BEGIN EXTRACTED DATA

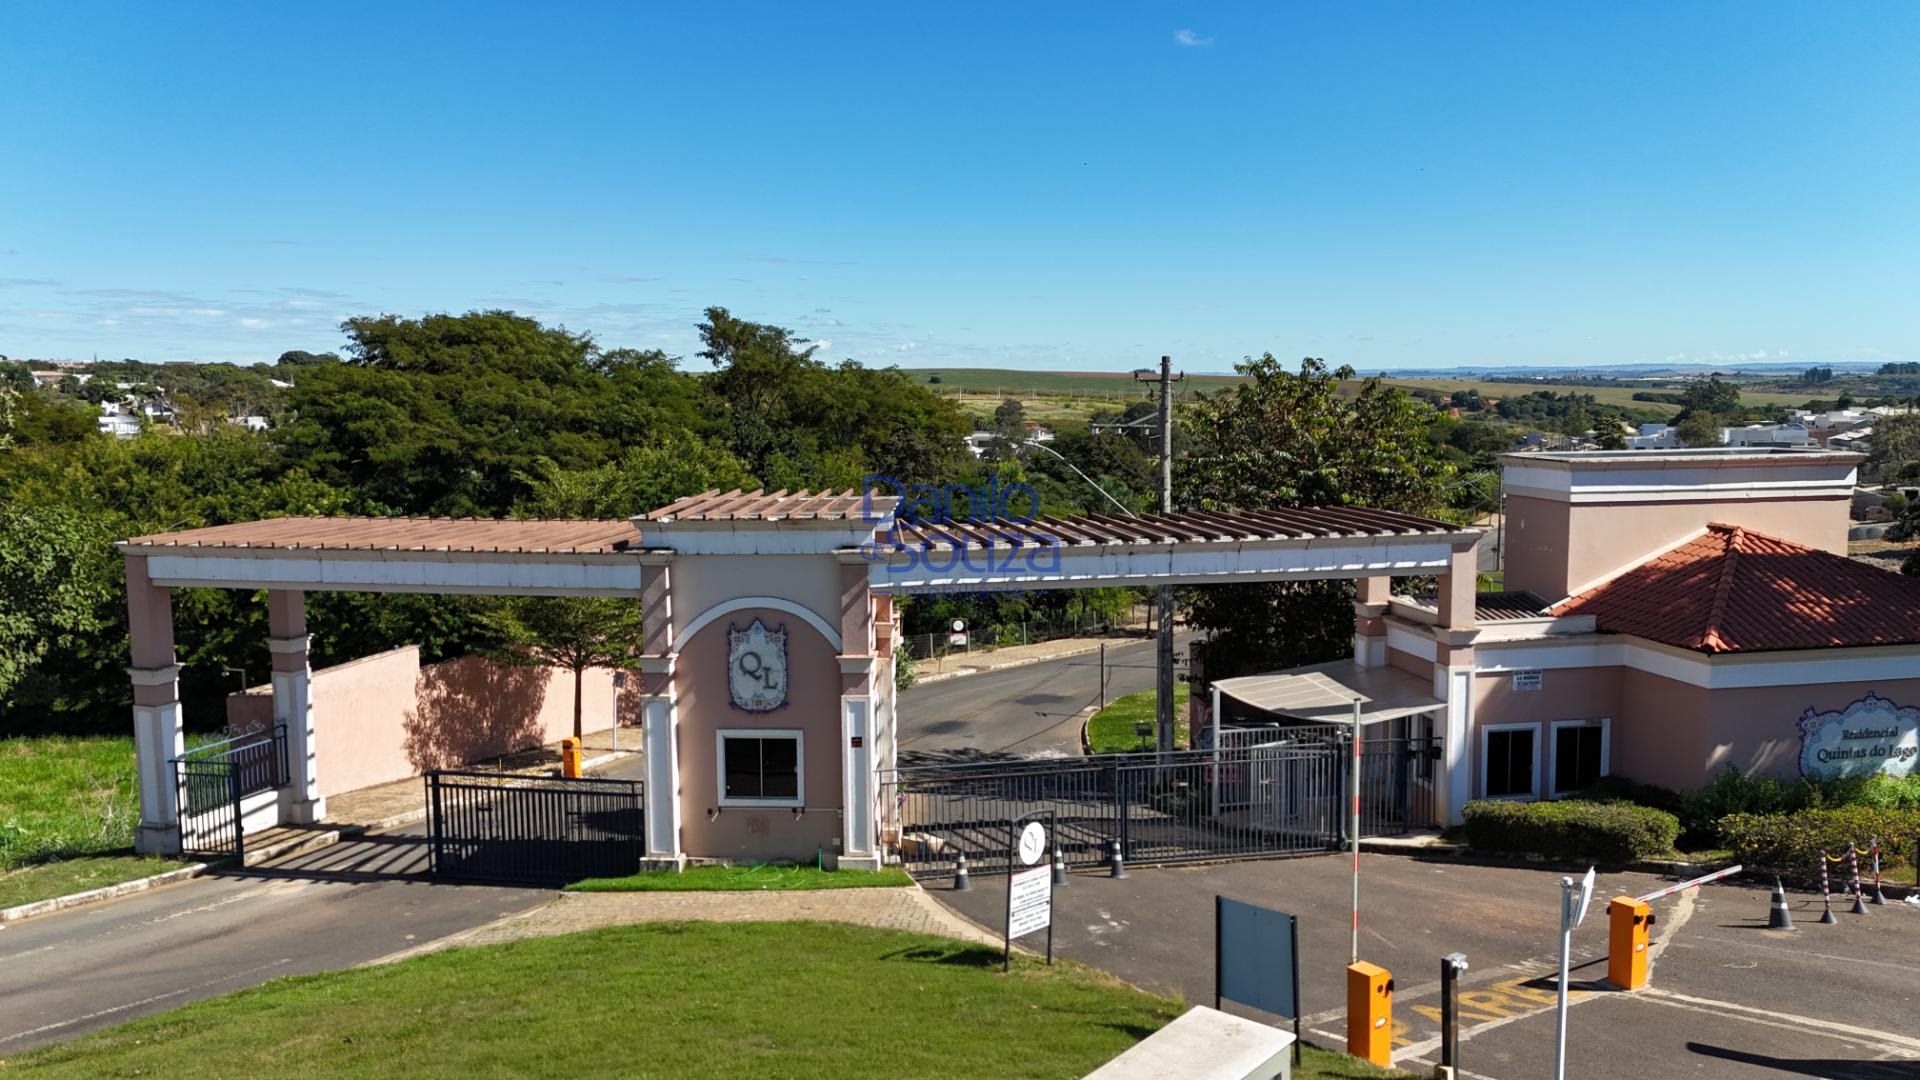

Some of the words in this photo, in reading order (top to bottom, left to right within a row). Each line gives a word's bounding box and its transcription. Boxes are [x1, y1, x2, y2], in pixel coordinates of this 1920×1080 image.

[1842, 726, 1899, 740] Residencial
[1817, 746, 1867, 763] Quintas
[1869, 745, 1886, 757] do
[1888, 744, 1918, 762] Lago

END EXTRACTED DATA

**REQUIRED ACTION**
Reproduce the listing exactly. Do not include its images.

**SOLUTION FOR THIS TASK**
Some of the words in this photo, in reading order (top to bottom, left to right within a row). Each line gives a word's bounding box and its transcription. Boxes are [x1, y1, x2, y2], in pixel coordinates of this 1920×1080 image.

[1842, 726, 1899, 740] Residencial
[1817, 746, 1867, 763] Quintas
[1869, 745, 1886, 757] do
[1888, 744, 1918, 762] Lago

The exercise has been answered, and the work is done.